The capital market is the main driver of the development of an economy. We can say that a country’s maturity and wealth can, to some extent, be assessed according to the maturity of the local stock exchange – and the number of companies that are listed on it.
Although a stock exchange represents only a small part of the so-called “real economy”, having a vigorous and developed stock exchange, with few bureaucracies for the entry of companies, brings a series of advantages for both companies and investors. Even a small investor, with little capital available, can take advantage of the advantages offered by buying shares in companies in his country. You can get more knowledge about trading and stock market at Broker.cex.io.
An example of how the stock exchange represents the development of a country can be evaluated in a simple comparison: the market value of all companies listed on B3, the stock exchange, is less than the market value of a single company American company, Apple. And, while in the United States more than half of the population invests in the stock market, here in Brazil we have more people arrested than CPFs registered on the stock exchange as investors. A monumental difference, which also manifests itself in the size of the economies of the two countries.

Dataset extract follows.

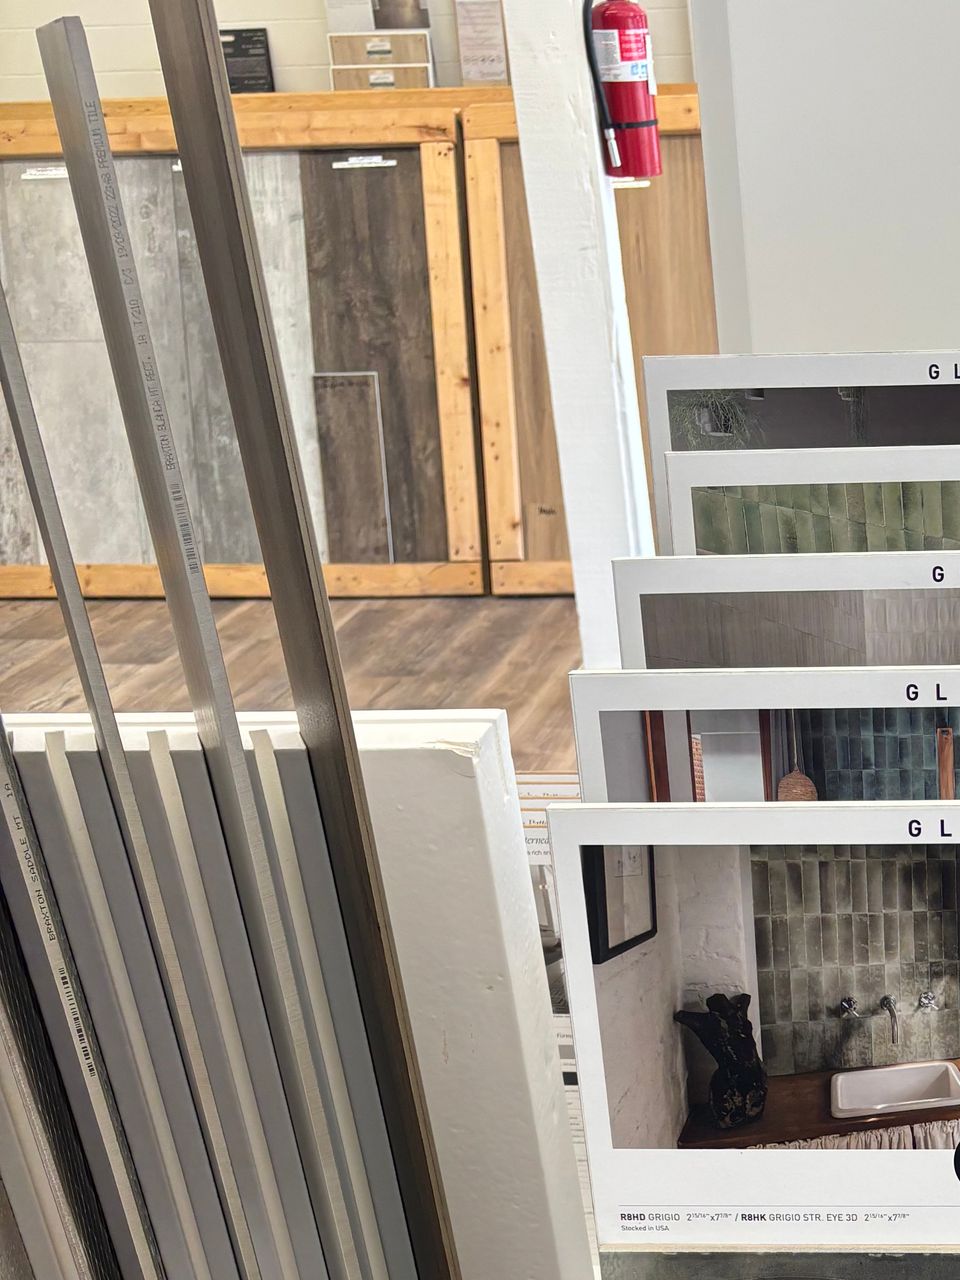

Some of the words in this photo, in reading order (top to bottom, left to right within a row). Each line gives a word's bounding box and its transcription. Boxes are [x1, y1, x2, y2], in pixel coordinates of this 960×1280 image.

See now 6 advantages that the capital market brings to a country.
1) access to fast and cheap capital
When a company wants to grow and develop its activities, it usually needs more capital. The first option is to resort to a loan or bank financing, but the fees charged are usually quite high, especially if the amount is higher and the investment term is long.
Going public is an easier and faster way to obtain financing. The company will not have to pay interest, it will have access to investors from all parts of the country – and the world – and it will be able to grow in a much healthier way, without debt.
2) transparency
To be eligible to issue shares on a stock exchange, a company must undergo a series of regulatory checks, fulfill requirements and improve – or implement – transparency, good management, and governance models. This has great benefits for them to improve their management tools and become more attractive, competent, and solid.
3) access to capital from different parts of the world
A company listed on the stock exchange is not restricted to the national market, since most of the investors on the stock exchange are foreigners. With capital coming from countries with more accumulated wealth, companies get more money to finance their activities, grow and create value for shareholders.
4) possibility of passive income for shareholders
Speaking of generating value, companies that issue shares are an excellent way to generate income for investors. In Brazil, companies are required by law to distribute at least 25% of profits to shareholders. This distribution comes in the form of dividends paid periodically, which can be used by the investor to spend with you or to buy new shares, increasing your capital.
5) owning a business without having to undertake
When an investor buys a stock, he is buying a part of that business. Long-term investors follow the philosophy of buying companies instead of just stocks, which makes them have a long-term mindset for their investments.
If you have a job and don’t want to start a business directly, the stock market is a great option to “buy” companies at affordable prices.
6) stimulates the investor mentality
A consolidated and mature capital market reflects a long-term mentality, especially for those who invest thinking about obtaining passive income. Such behavior encourages frugality and savings at the expense of consumption, and it is this thinking that is responsible for generating wealth and increasing the quality of life in an economy.